Il motivo non chiarisce i termini della violazione di legge che lamenta, e non coglie il senso della motivazione che censura, risolvendosi nella inammissibile contestazione di un giudizio di fatto. La CTR ha invero rilevato un difetto di allegazione e di documentazione riferito sia al processo che alla originaria denuncia amministrativa, osservando che la società non aveva dimostrato i presupposti della esenzione invocata, di cui al D.Lgs. n. 507 del 1992, art. 62, comma 2. Disposizione per la quale “Non sono soggetti alla tassa i locali e le aree che non possono produrre rifiuti per la loro natura o per il particolare uso cui sono stabilmente destinati o perchè risultino in obiettive condizioni di non utilizzabilità nel corso dell’anno qualora tali circostanze siano indicate nella denuncia originaria o di variazione e debitamente riscontrate in base ad elementi obiettivi direttamente rilevabili o ad idonea documentazione”. Circostanze che la doglianza non spiega dove e quando sarebbero state fatte risultare in giudizio.

Col secondo motivo si deduce “insufficiente e contraddittoria motivazione su un punto decisivo della controversia”. Si sostiene che il Comune di Lucca, tramite una società di servizi convenzionata, abbia provveduto ad un accertamento di ufficio circa le superfici dell’officina meccanica, verificando in tal modo “le specifiche caratteristiche strutturali e di destinazione dell’opificio artigianale”; sicchè la allegazione e la prova che la CTR ha ritenuto non offerta (circa il fatto che parte degli spazi aziendali erano strutturalmente inidonei alla formazione di rifiuti ai sensi del D.Lgs. n. 507 del 1992, art. 62, comma 2) sarebbero state la prima non necessaria e la seconda contenuta nella relazione tecnica compilata dalla società di servizi designata dal Comune, allegata al ricorso di primo grado.

Il motivo è inammissibile perchè si fonda su elementi di fatto che non risultano dalla sentenza impugnata e che non è precisato che siano stati fatti constare nelle deduzioni difensive sviluppate col ricorso originario e coi motivi di appello. Nè il fatto che il Comune potesse essere a conoscenza dei presupposti della esenzione avrebbe esonerato il contribuente dalla indicazione di essi nella denuncia, come prescrive il comma 2 dell’art. 62 invocato.

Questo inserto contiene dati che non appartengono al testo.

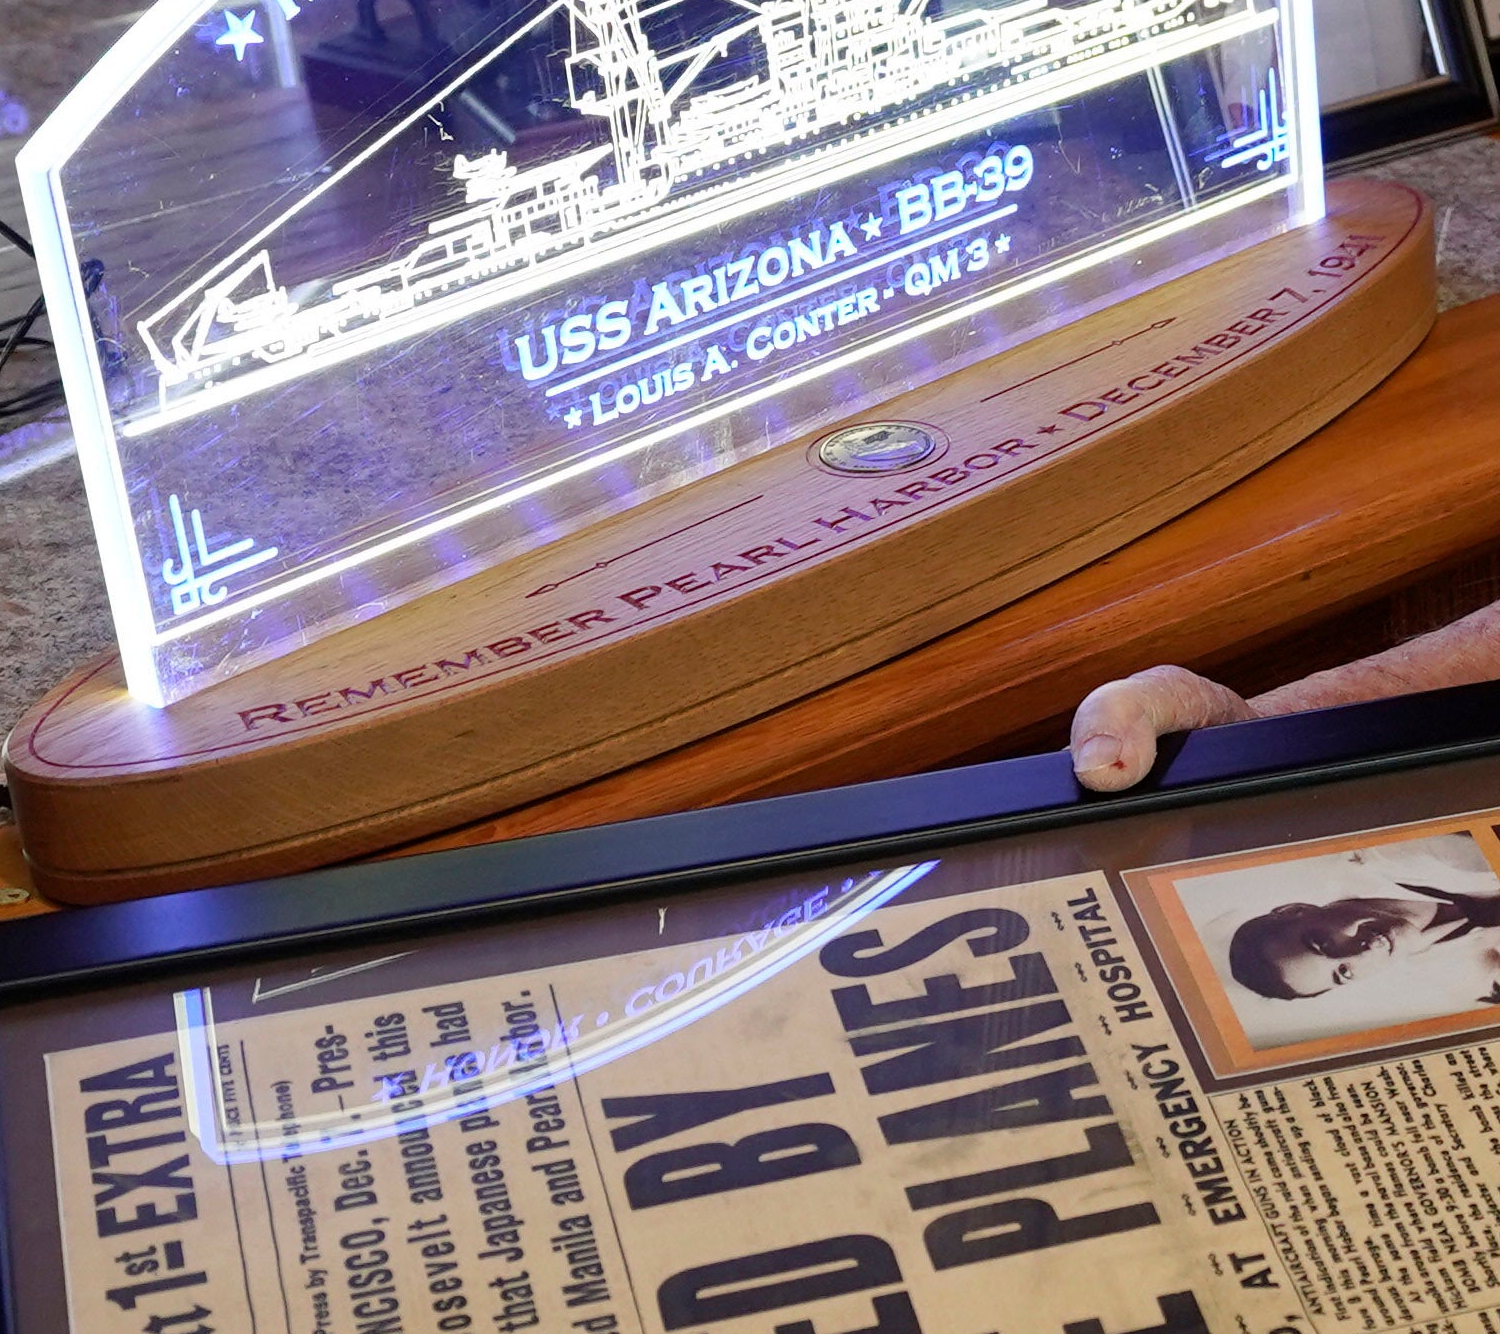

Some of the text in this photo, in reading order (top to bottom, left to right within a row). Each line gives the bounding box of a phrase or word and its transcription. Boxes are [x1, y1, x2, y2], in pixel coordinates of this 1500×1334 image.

[514, 144, 1035, 383] USS ARIZONA BB-39
[589, 237, 992, 428] LOUIS A. CONTER QM 3
[236, 606, 619, 732] REMEMBER
[616, 537, 823, 612] PEARL
[812, 434, 1040, 534] HARBOR
[1058, 305, 1288, 424] DECEMBER
[1266, 285, 1327, 308] 7,
[1306, 231, 1387, 280] 1941
[1066, 887, 1154, 1024] HOSPITAL
[216, 1044, 237, 1104] FIVE CENTS
[364, 1012, 412, 1062] this
[421, 1001, 472, 1048] had
[818, 907, 1162, 1263] PLANES
[1130, 1043, 1247, 1226] EMERGENCY
[79, 1052, 199, 1239] EXTRA
[333, 1149, 378, 1212] Dec.
[531, 1158, 585, 1206] and
[600, 1071, 862, 1211] BY
[1360, 1080, 1482, 1294] BOMB NEAR GOVERNOR'S MANSION
[285, 1165, 321, 1265] Transpacific
[465, 1140, 525, 1263] Japanese
[1223, 1118, 1326, 1315] ANTIAIRCRAFT GUNS IN ACTION
[105, 1239, 208, 1311] 1st
[304, 1269, 328, 1290] by
[488, 1270, 540, 1334] that
[550, 1214, 611, 1308] Manila
[1227, 1252, 1280, 1289] AT

Col terzo motivo si deduce “violazione delle norme di diritto contenute nella sentenza”, con riferimento al D.Lgs. n. 507 del 1993, art. 62, comma 3. Si lamenta che il Comune di Lucca avrebbe accertato “attraverso la A e G – Servizi di Ingegneria, soggetto convenzionato ai sensi dell’art. 14, comma 2 Reg. TARSU”, che i locali della ricorrente erano adibiti ad officina meccanica. Ma, in violazione del Regolamento Comunale TARSU, che “all’art. 4 … riconosce a tutte le officine meccaniche di riparazione autoveicoli una complessiva riduzione del 30% sulla intera superficie imponibile complessiva” aveva considerato tassabile l’intera superficie aziendale. La CTR, considerandone legittimo il comportamento, avrebbe violato la disposizione normativa richiamata.

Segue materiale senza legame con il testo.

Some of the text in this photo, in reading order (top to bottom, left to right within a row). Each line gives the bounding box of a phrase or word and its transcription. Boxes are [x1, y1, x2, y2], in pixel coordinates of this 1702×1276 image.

Il motivo è inammissibile, perchè prospetta una questione non dedotta nei gradi di merito, incentrata su circostanze di fatto che dalla sentenza impugnata non risultano ed il cui accertamento esula dai limiti del giudizio di legittimità.

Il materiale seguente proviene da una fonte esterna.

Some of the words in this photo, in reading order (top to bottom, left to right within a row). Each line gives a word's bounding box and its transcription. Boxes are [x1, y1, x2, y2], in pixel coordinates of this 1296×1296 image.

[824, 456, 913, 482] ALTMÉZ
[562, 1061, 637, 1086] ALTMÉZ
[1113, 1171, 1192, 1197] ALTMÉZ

Va dunque respinto il ricorso, e condannata la ricorrente al rimborso delle spese processuali.

P.Q.M.

Dichiara inammissibile il ricorso proposto nei confronti dell’Agenzia delle Entrate. Rigetta il ricorso proposto nei confronti del Comune di Lucca, e condanna la ricorrente al rimborso delle spese del giudizio, liquidate in Euro 1.500,00, di cui Euro 1.300,00 per onorari, oltre spese generali ed accessori di legge.

Così deciso in Roma, il 19 maggio 2010.